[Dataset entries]

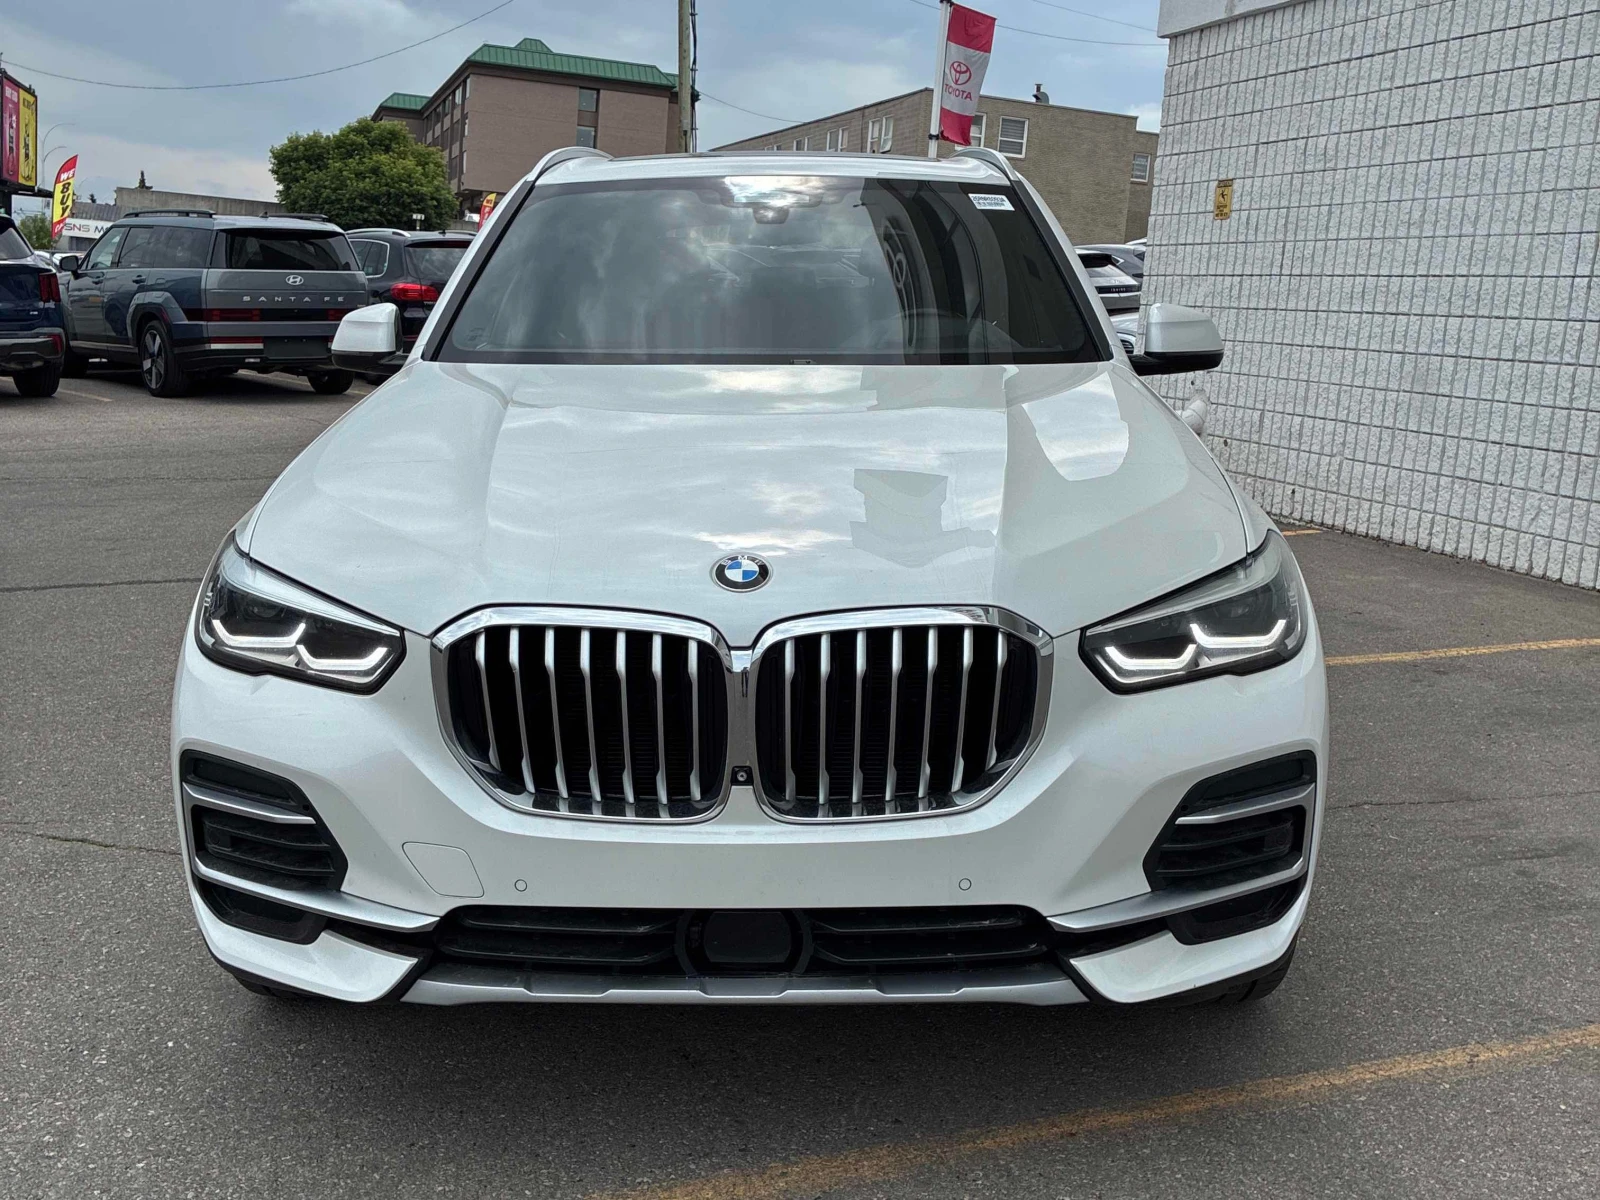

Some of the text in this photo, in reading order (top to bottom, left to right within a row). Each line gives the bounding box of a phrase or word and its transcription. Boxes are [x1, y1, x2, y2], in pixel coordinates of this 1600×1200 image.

[944, 83, 973, 101] TOYOTA
[60, 168, 76, 181] WE
[60, 182, 71, 217] BUY
[65, 223, 90, 232] SNS
[720, 555, 765, 566] BMW
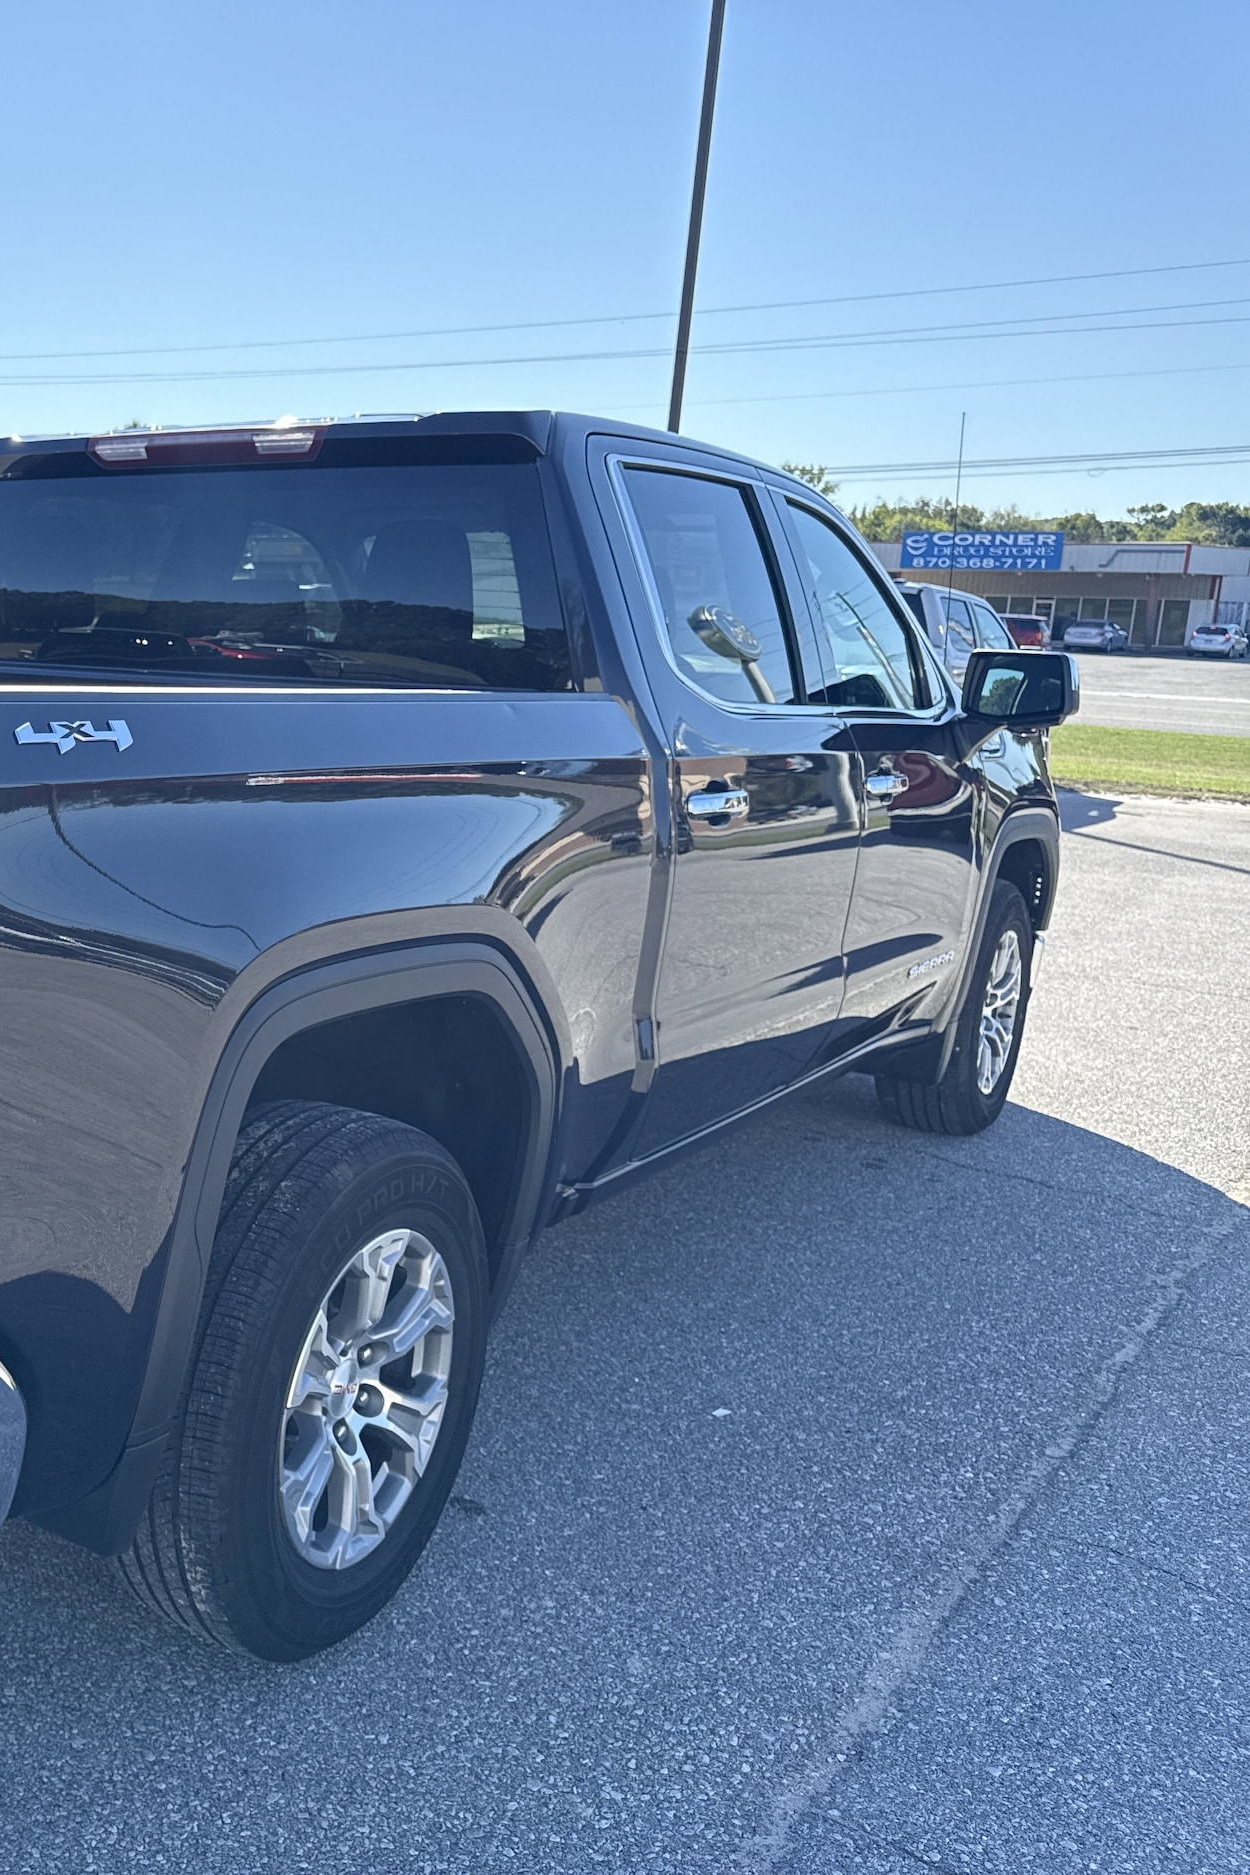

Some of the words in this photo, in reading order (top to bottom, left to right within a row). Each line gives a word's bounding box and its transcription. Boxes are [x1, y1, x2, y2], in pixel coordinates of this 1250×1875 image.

• [Exercise]: Your answer must be an exact copy of every entry, with no pictures in it.

• [Output]:
Some of the text in this photo, in reading order (top to bottom, left to right within a row). Each line gives the bounding box of a phrase or word and its transcription. Boxes are [x1, y1, x2, y2], in pixel coordinates of this 1600×1200 image.

[944, 83, 973, 101] TOYOTA
[60, 168, 76, 181] WE
[60, 182, 71, 217] BUY
[65, 223, 90, 232] SNS
[720, 555, 765, 566] BMW

Some of the words in this photo, in reading order (top to bottom, left to right within a row). Each line gives a word's bounding box and its transcription. Boxes are [x1, y1, x2, y2], in pixel coordinates of this 1250×1875 image.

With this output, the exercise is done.